Early-Childhood Brain Injuries Can Have Long-Term Effects

Children who suffer brain injuries in early childhood can experience lingering effects for at least 10 years, according to a study published in the February issue of Pediatrics.

Given that roughly one in 30 children suffers a traumatic brain injury, or TBI, by age 16, these findings could end up having an impact on athletics for children in the early grades.

The study is a follow-up to previous research that investigated the effects of TBIs in children for five years after the injury. In that study, children who had suffered TBIs were at “elevated risk of poor outcomes,” especially if they had endured severe TBIs.

Of the 96 children (from Melbourne, Australia) in the original study who had suffered TBIs between the ages of 2 and 7, 40 agreed to participate in this follow-up. Seven of the 40 had mild TBIs, 20 of them had moderate TBIs, and the other 13 experienced severe TBIs. Sixteen of the 32 healthy children in the control group from the original study also participated in this new research.

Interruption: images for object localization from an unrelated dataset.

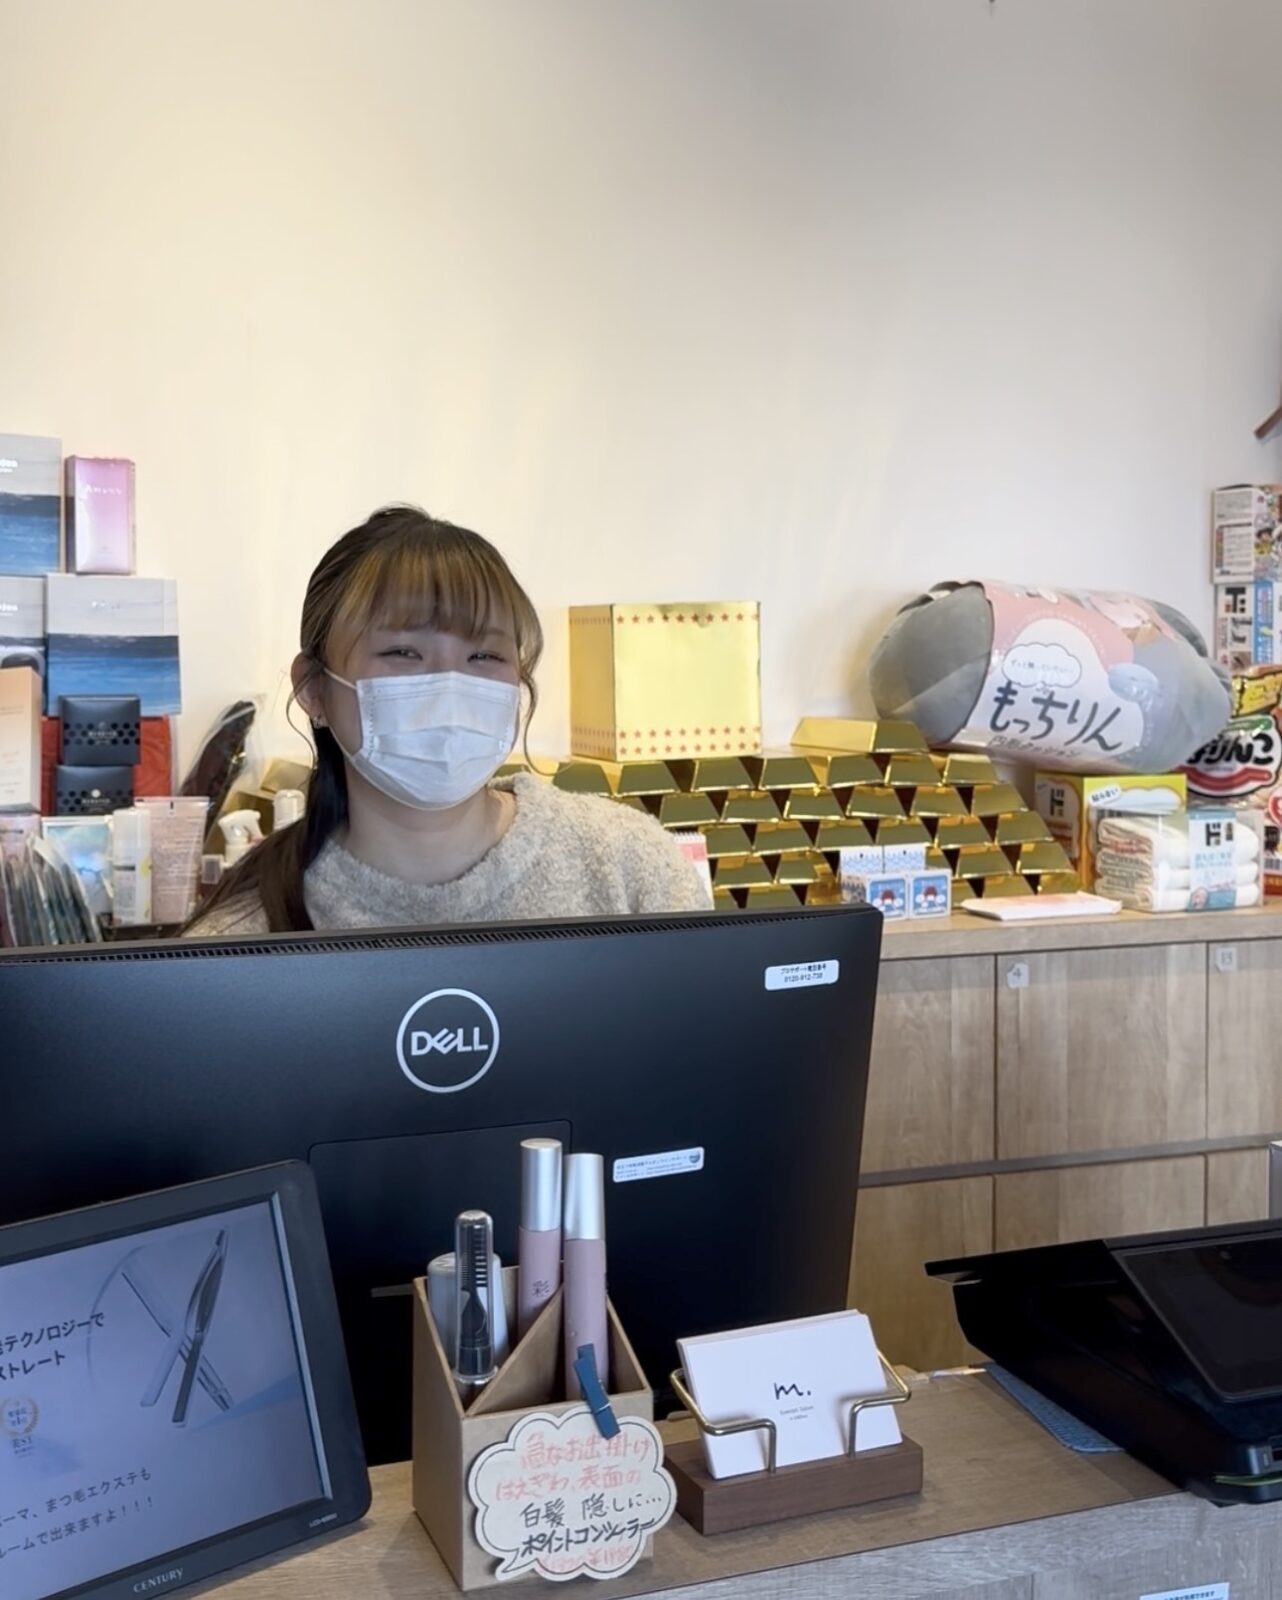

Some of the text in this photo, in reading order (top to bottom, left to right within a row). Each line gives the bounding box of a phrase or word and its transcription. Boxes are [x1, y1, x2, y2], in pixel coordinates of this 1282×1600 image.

[990, 680, 1122, 752] もっちりん
[411, 1027, 489, 1056] DELL
[0, 1312, 105, 1355] テクノロジーで
[0, 1467, 152, 1528] ーマ、まつ毛エクステも
[133, 1567, 184, 1594] CENTURY

Much like the previous findings, young children who suffered severe TBIs suffered the most severe deficits, even years after the injury. Overall, their mean IQ scores were lower by 18 to 26 points 10 years after their brain injuries.

This suggests that “serious TBI in early childhood results in global and persisting intellectual deficits,” the researchers write.

Adults and school-age children, on the other hand, tend to return to their original IQ levels after suffering a TBI.

According to the study, children with mild TBIs, such as concussions, appeared to eventually rebound to their original levels of functioning, too.

The researchers determined that, no matter the severity of the injury, recovery appeared to plateau in the five- to 10-year range.

The children with severe TBIs may never catch up to their peers (as demonstrated by their lower IQ scores), but the gap doesn’t appear to widen further, either, the researchers conclude.

—Bryan Toporek


12 Education Issues to Watch in 2012

What policies have the biggest potential to drive changes in education in the states in 2012?

The Education Commission of the States, a nonpartisan research organization, has put out its predictions. It sees state officials focusing on prekindergarten-through-3rd grade instruction, strategies to figure out ways to make the best use of limited funding, and “blended learning"—or combining online and face-to-face instruction—among other topics.

The ECS’ forecast, “12 for 2012,” is not meant as an exhaustive list of hot topics, the organization explains. It’s instead meant to “stimulate thinking around how best to craft the ‘2.0' of powerful policy across the states,” based on the organization’s read on current trends and research, the authors of the report say.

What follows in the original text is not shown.